- Your task
Your answer must repeat all of the entries word for word, without any images.

- Provided information
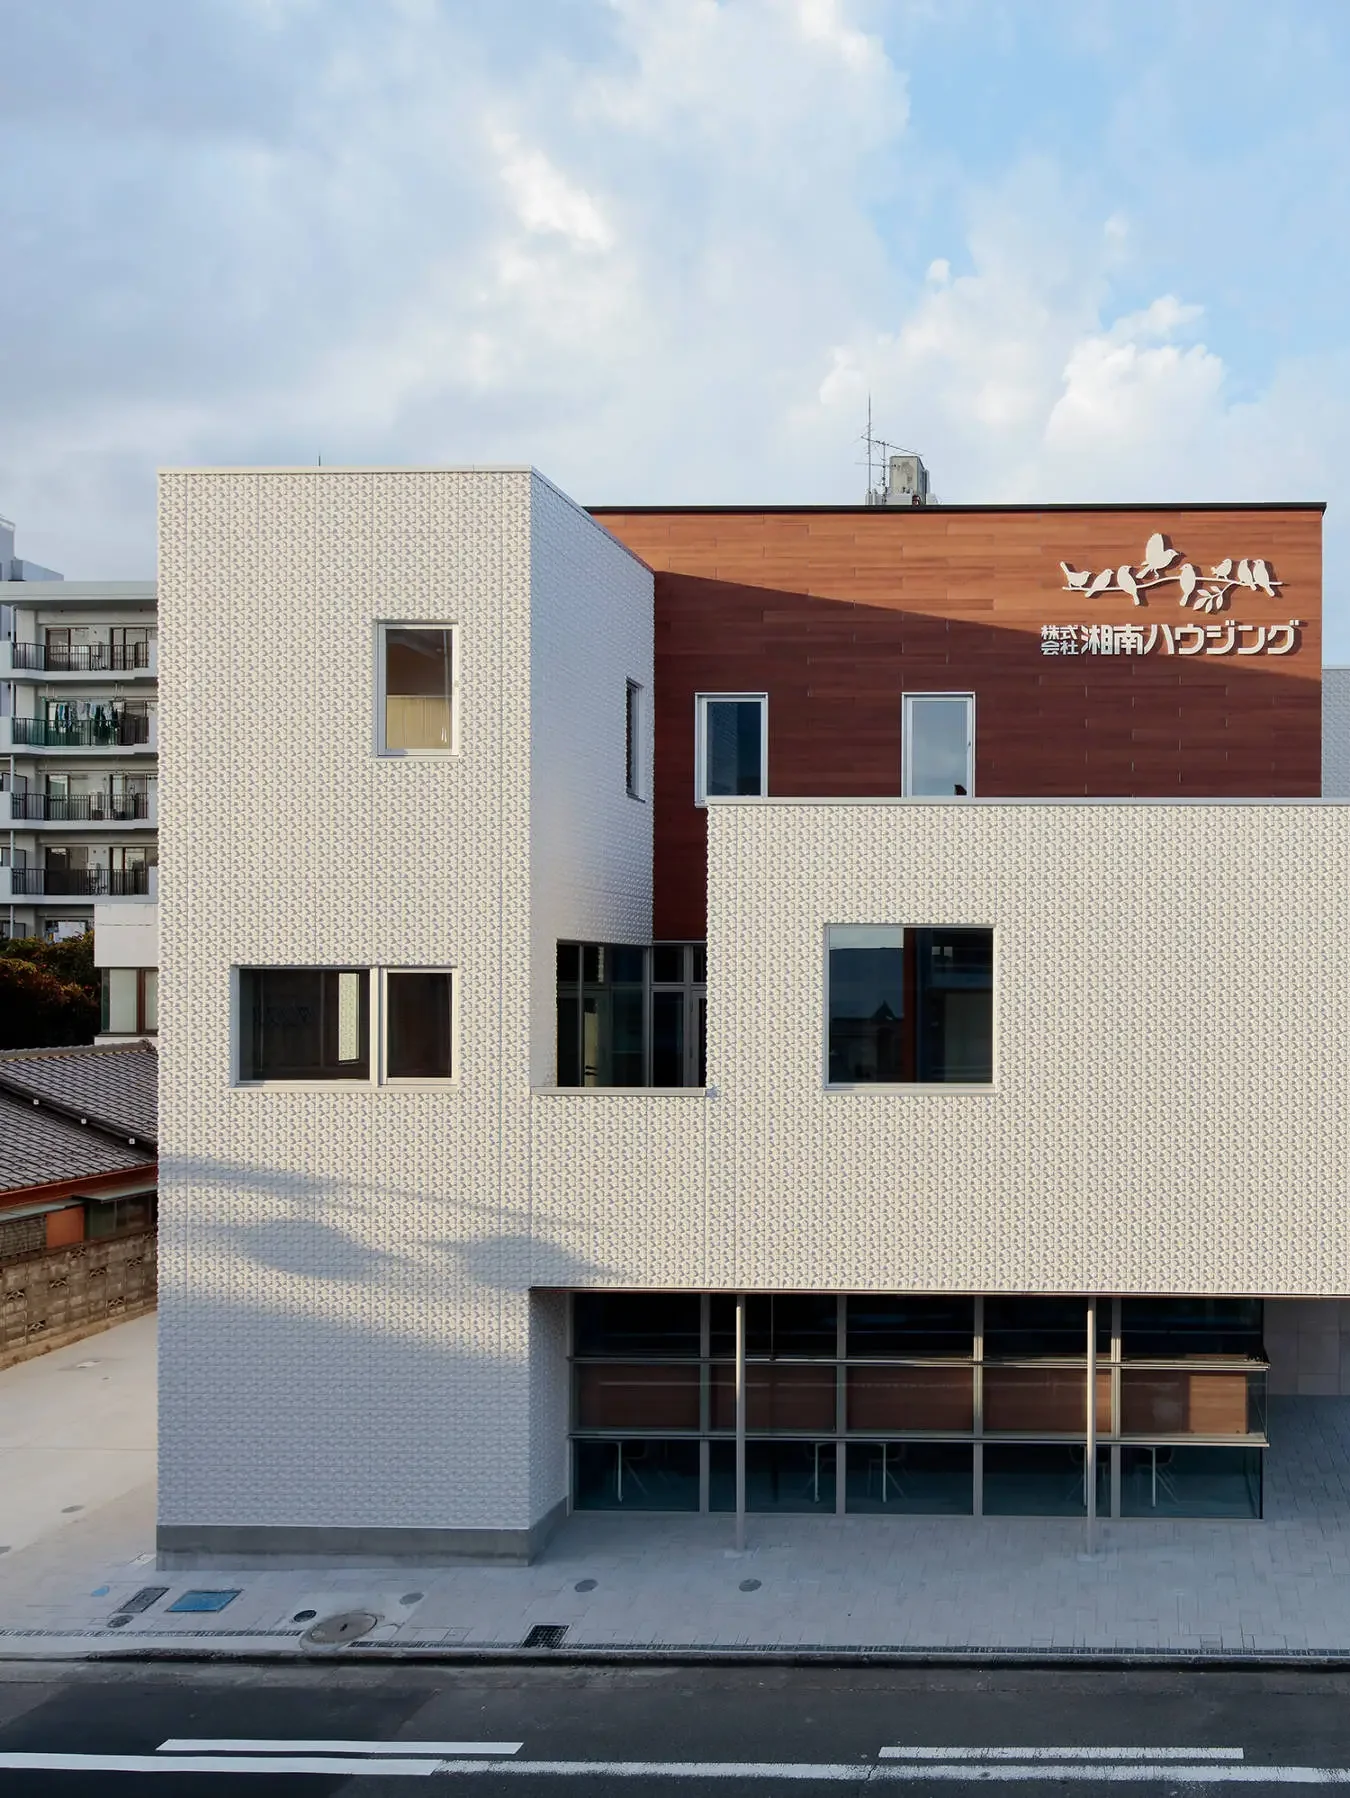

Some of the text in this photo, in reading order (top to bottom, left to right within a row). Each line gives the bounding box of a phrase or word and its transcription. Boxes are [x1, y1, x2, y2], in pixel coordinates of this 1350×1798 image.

[1041, 624, 1078, 640] 株式
[1081, 620, 1299, 655] 湘南ハウジング
[1041, 640, 1079, 655] 会社
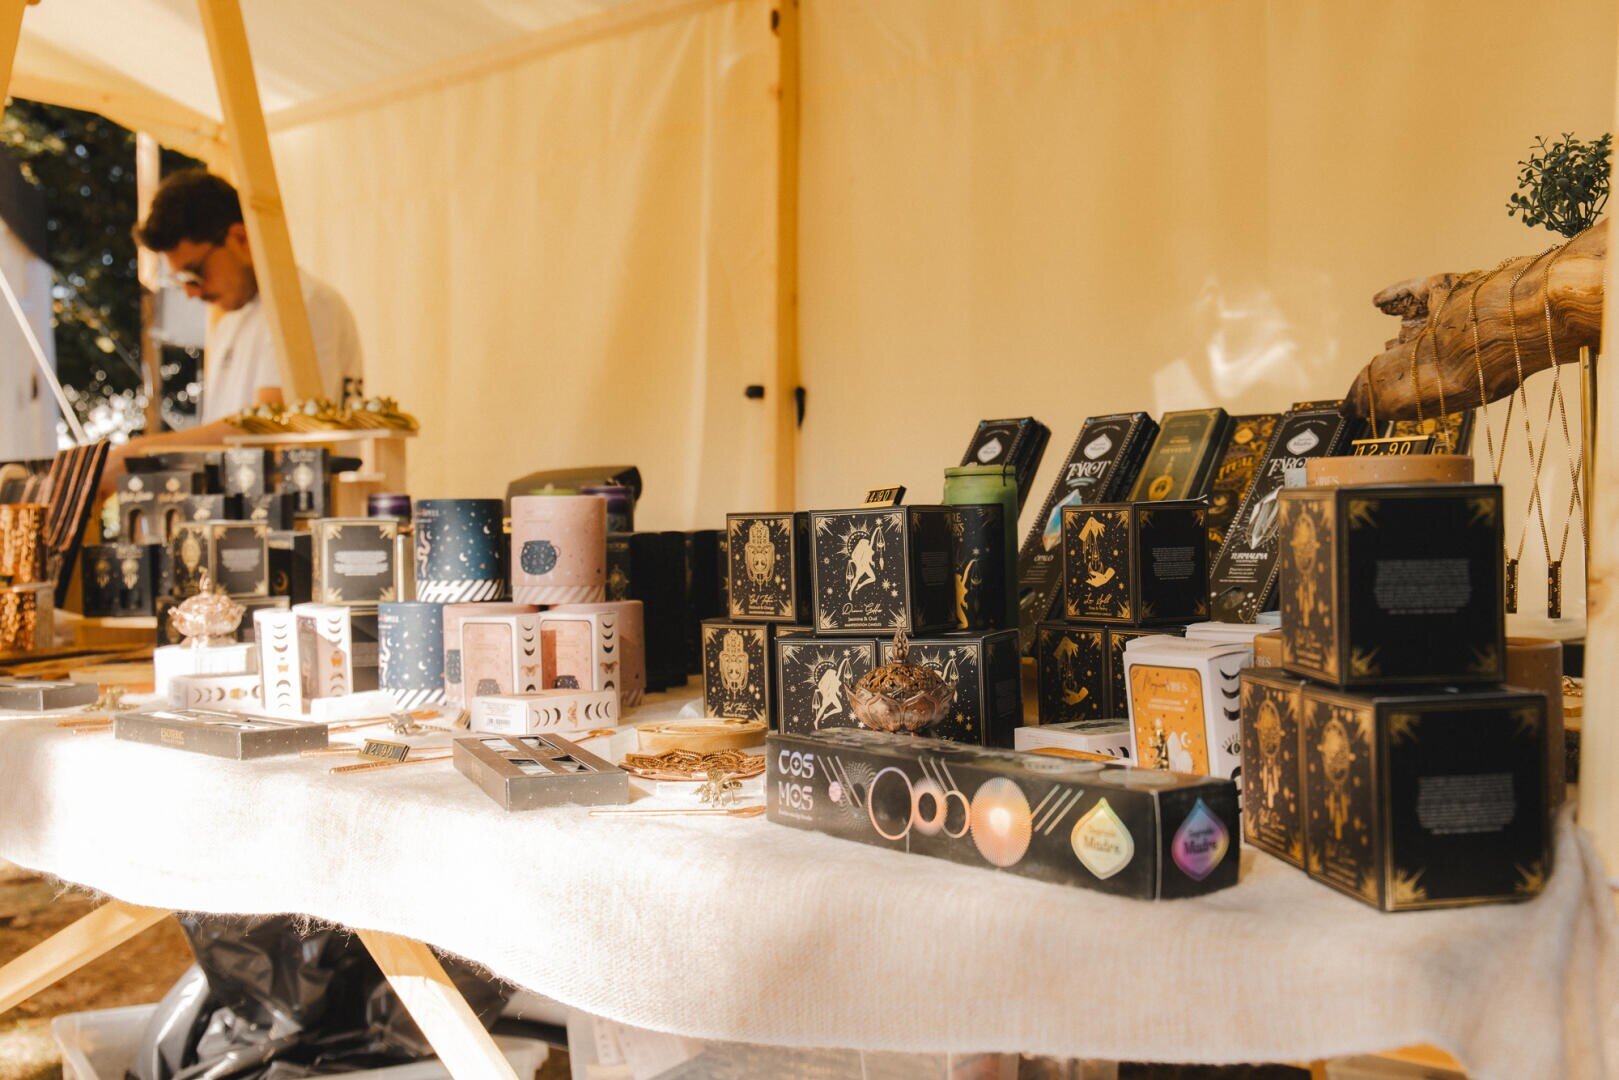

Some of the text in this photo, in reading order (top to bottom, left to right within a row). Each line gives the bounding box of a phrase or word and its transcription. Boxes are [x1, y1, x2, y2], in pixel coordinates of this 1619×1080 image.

[1358, 441, 1412, 457] 12.90
[1066, 460, 1112, 481] TAROT
[778, 749, 815, 779] COS
[778, 780, 814, 811] MOS

- Solution to this exercise
Some of the text in this photo, in reading order (top to bottom, left to right within a row). Each line gives the bounding box of a phrase or word and its transcription. Boxes are [x1, y1, x2, y2], in pixel coordinates of this 1350×1798 image.

[1041, 624, 1078, 640] 株式
[1081, 620, 1299, 655] 湘南ハウジング
[1041, 640, 1079, 655] 会社

Some of the text in this photo, in reading order (top to bottom, left to right within a row). Each line gives the bounding box of a phrase or word and its transcription. Boxes are [x1, y1, x2, y2], in pixel coordinates of this 1619×1080 image.

[1358, 441, 1412, 457] 12.90
[1066, 460, 1112, 481] TAROT
[778, 749, 815, 779] COS
[778, 780, 814, 811] MOS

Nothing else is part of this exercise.